[Records Boundary: Start]
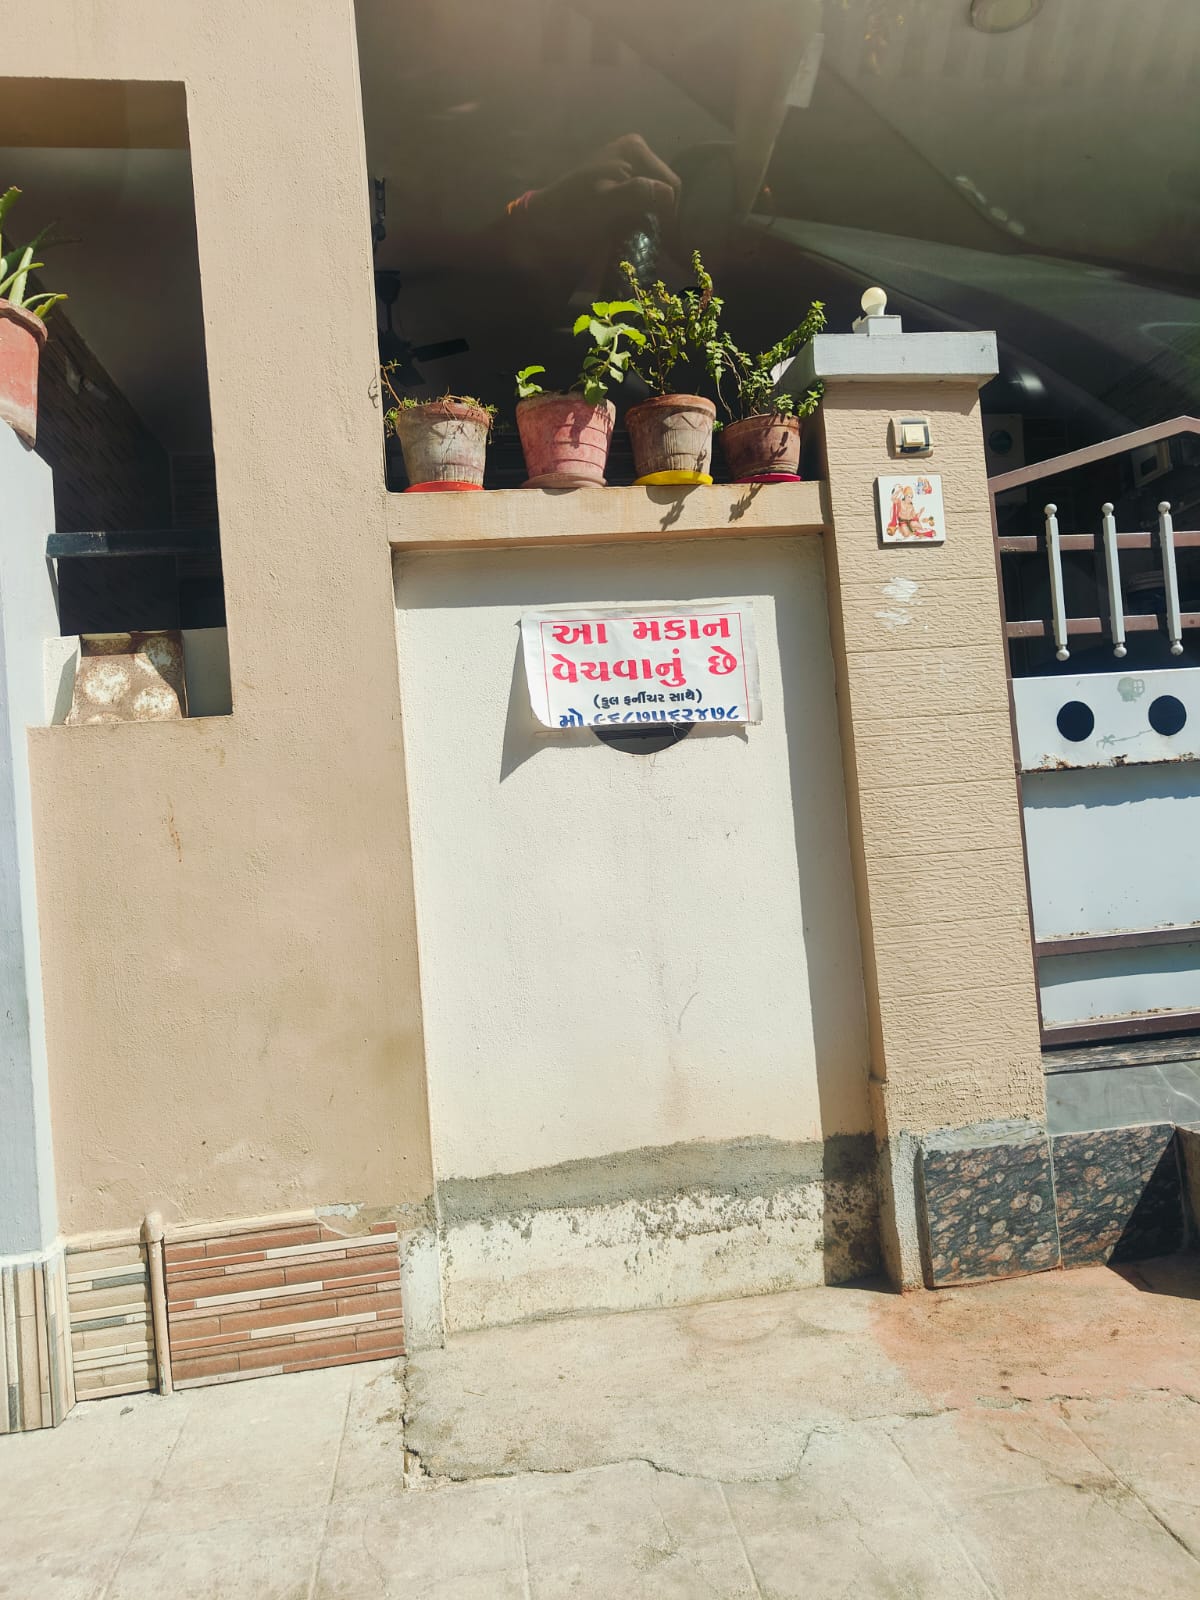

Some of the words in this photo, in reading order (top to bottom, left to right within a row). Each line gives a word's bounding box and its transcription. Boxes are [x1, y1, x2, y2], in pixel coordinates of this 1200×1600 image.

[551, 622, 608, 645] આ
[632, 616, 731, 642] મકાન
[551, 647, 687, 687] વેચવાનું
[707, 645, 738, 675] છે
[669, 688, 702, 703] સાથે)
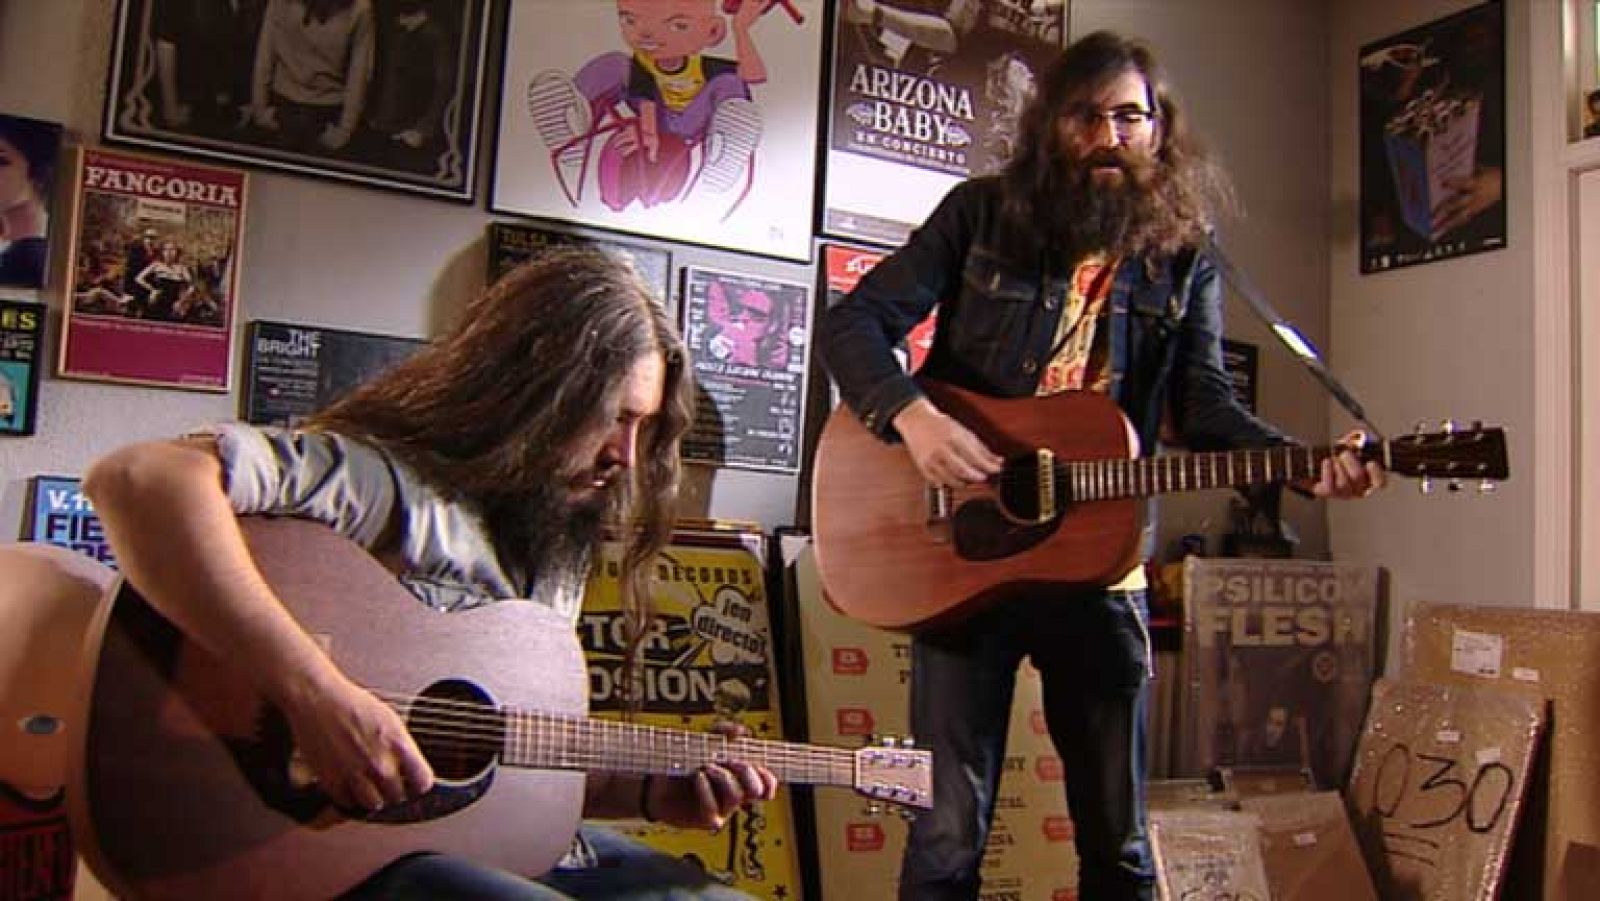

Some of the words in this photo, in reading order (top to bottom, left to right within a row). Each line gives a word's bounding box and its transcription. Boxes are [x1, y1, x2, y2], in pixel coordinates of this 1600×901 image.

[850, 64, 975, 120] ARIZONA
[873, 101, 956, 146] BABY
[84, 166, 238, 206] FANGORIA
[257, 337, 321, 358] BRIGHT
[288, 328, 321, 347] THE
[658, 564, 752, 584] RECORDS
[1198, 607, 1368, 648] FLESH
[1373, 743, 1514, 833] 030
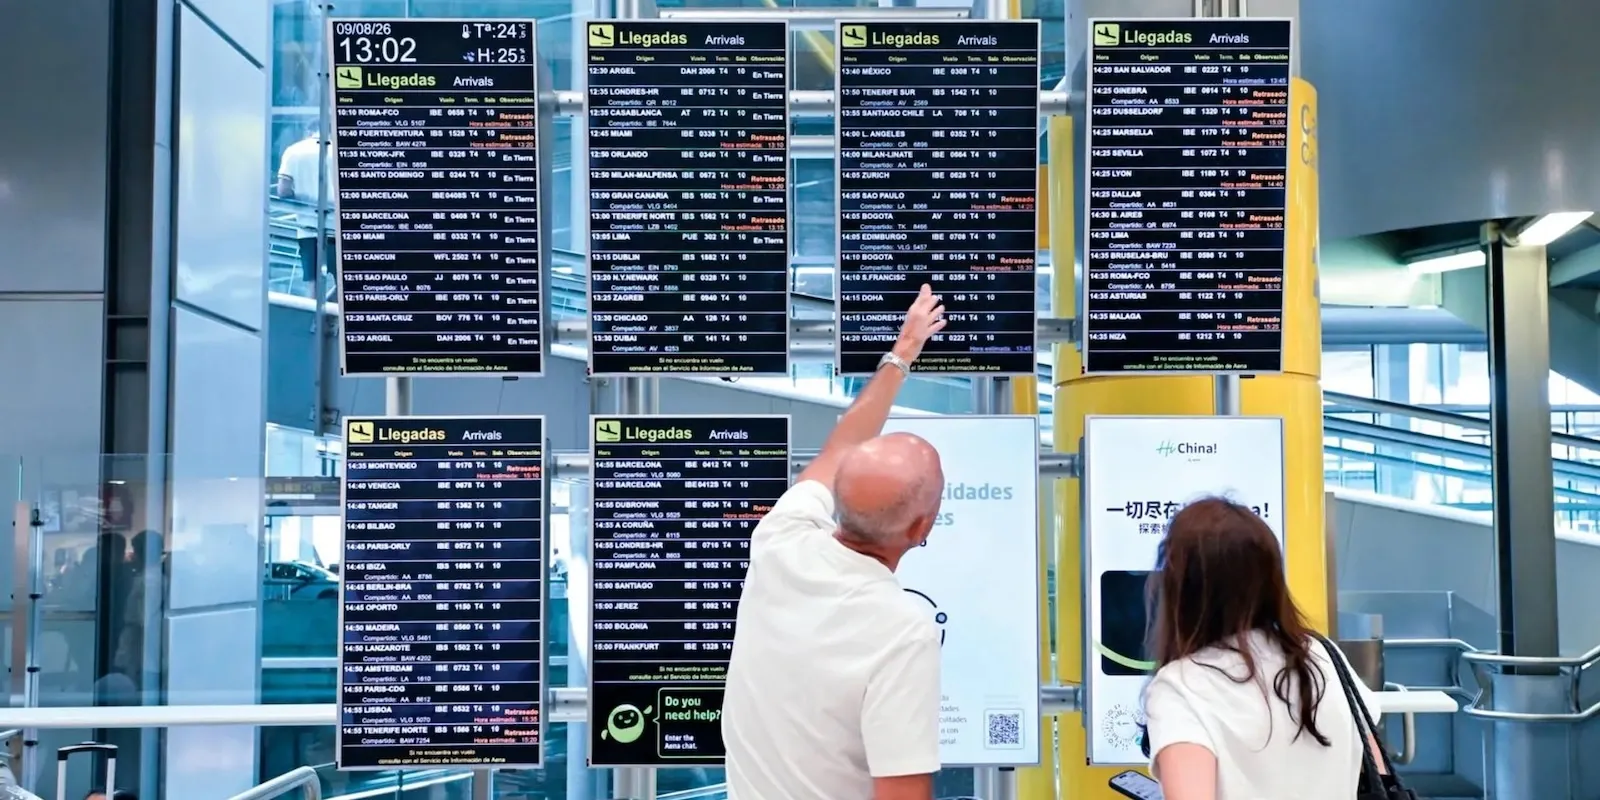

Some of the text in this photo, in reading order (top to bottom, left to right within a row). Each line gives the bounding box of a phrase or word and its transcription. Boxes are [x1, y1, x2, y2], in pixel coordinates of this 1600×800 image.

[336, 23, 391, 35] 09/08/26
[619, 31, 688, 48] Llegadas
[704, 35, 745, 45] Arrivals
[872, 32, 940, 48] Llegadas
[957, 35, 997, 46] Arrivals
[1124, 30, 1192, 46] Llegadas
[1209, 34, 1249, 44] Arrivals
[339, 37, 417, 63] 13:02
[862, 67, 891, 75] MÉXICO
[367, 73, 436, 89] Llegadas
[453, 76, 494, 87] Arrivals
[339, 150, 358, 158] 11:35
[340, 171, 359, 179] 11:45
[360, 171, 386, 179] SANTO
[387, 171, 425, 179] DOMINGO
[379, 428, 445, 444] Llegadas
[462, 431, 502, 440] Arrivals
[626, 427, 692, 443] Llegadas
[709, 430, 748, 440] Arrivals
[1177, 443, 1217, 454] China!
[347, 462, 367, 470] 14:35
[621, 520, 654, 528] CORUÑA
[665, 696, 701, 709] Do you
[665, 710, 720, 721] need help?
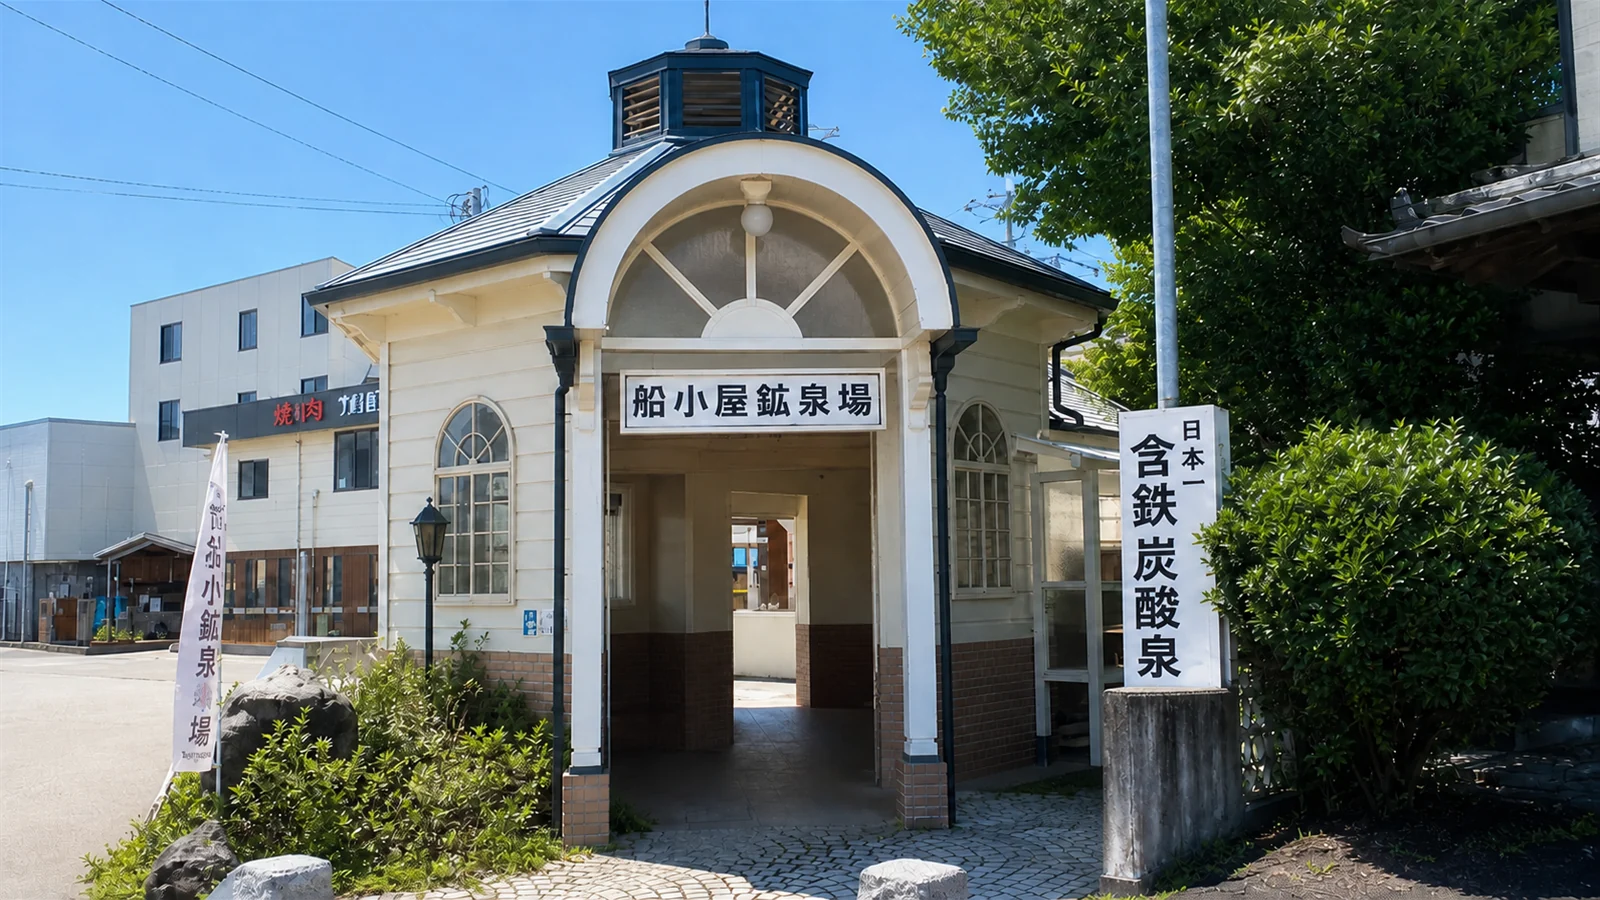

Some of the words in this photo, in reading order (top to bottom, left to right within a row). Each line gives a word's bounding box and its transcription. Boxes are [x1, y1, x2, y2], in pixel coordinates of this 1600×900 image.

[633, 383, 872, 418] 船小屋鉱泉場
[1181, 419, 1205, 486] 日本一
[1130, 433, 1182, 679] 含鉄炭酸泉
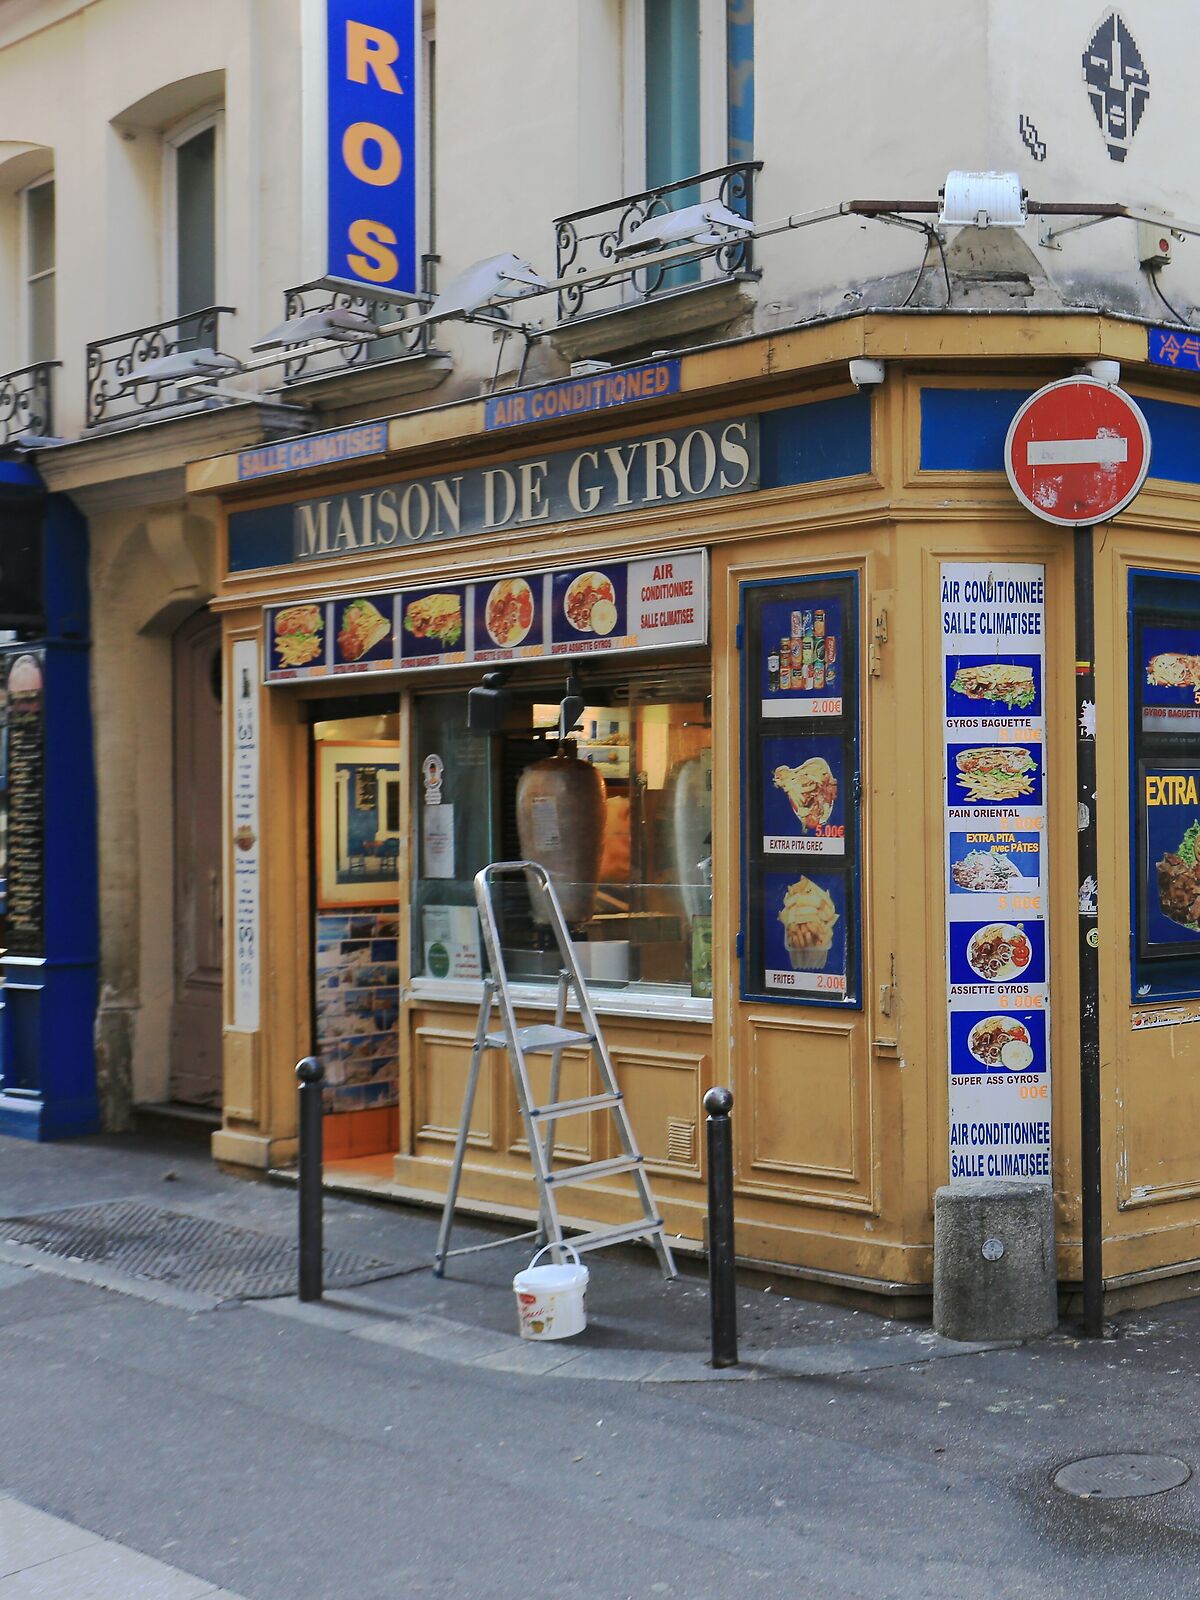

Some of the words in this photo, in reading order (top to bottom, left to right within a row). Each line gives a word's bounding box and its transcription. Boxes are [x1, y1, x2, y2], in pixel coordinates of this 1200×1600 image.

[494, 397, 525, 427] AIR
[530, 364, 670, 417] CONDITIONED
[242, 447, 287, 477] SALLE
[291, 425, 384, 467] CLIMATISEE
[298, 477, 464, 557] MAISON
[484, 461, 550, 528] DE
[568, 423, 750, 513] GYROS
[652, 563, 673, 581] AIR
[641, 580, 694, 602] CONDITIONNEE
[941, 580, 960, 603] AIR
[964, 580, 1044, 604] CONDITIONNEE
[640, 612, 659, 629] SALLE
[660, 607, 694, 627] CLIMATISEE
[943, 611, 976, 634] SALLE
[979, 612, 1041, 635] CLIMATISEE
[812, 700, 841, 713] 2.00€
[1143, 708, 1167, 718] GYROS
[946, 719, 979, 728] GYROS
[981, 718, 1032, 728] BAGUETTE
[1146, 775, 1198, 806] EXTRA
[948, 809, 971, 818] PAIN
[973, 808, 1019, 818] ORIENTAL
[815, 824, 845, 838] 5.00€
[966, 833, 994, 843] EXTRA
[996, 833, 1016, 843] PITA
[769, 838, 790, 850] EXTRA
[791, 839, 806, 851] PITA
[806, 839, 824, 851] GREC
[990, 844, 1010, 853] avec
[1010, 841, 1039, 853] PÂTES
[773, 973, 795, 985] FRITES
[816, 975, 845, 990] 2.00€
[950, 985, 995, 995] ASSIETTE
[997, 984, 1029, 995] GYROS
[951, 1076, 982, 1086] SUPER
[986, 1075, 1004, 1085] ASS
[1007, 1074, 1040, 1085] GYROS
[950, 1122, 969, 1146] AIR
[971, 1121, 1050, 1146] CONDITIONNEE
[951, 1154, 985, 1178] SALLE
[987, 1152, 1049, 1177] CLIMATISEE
[Records Boundary: End]
Retype exactly, and only, the lines from the one containing "this 1600×900 image." through the end of the records above. Pictures stay out of the copy.

▶ Output below
Some of the words in this photo, in reading order (top to bottom, left to right within a row). Each line gives a word's bounding box and its transcription. Boxes are [x1, y1, x2, y2], in pixel coordinates of this 1600×900 image.

[633, 383, 872, 418] 船小屋鉱泉場
[1181, 419, 1205, 486] 日本一
[1130, 433, 1182, 679] 含鉄炭酸泉

Some of the words in this photo, in reading order (top to bottom, left to right within a row). Each line gives a word's bounding box and its transcription. Boxes are [x1, y1, x2, y2], in pixel coordinates of this 1200×1600 image.

[494, 397, 525, 427] AIR
[530, 364, 670, 417] CONDITIONED
[242, 447, 287, 477] SALLE
[291, 425, 384, 467] CLIMATISEE
[298, 477, 464, 557] MAISON
[484, 461, 550, 528] DE
[568, 423, 750, 513] GYROS
[652, 563, 673, 581] AIR
[641, 580, 694, 602] CONDITIONNEE
[941, 580, 960, 603] AIR
[964, 580, 1044, 604] CONDITIONNEE
[640, 612, 659, 629] SALLE
[660, 607, 694, 627] CLIMATISEE
[943, 611, 976, 634] SALLE
[979, 612, 1041, 635] CLIMATISEE
[812, 700, 841, 713] 2.00€
[1143, 708, 1167, 718] GYROS
[946, 719, 979, 728] GYROS
[981, 718, 1032, 728] BAGUETTE
[1146, 775, 1198, 806] EXTRA
[948, 809, 971, 818] PAIN
[973, 808, 1019, 818] ORIENTAL
[815, 824, 845, 838] 5.00€
[966, 833, 994, 843] EXTRA
[996, 833, 1016, 843] PITA
[769, 838, 790, 850] EXTRA
[791, 839, 806, 851] PITA
[806, 839, 824, 851] GREC
[990, 844, 1010, 853] avec
[1010, 841, 1039, 853] PÂTES
[773, 973, 795, 985] FRITES
[816, 975, 845, 990] 2.00€
[950, 985, 995, 995] ASSIETTE
[997, 984, 1029, 995] GYROS
[951, 1076, 982, 1086] SUPER
[986, 1075, 1004, 1085] ASS
[1007, 1074, 1040, 1085] GYROS
[950, 1122, 969, 1146] AIR
[971, 1121, 1050, 1146] CONDITIONNEE
[951, 1154, 985, 1178] SALLE
[987, 1152, 1049, 1177] CLIMATISEE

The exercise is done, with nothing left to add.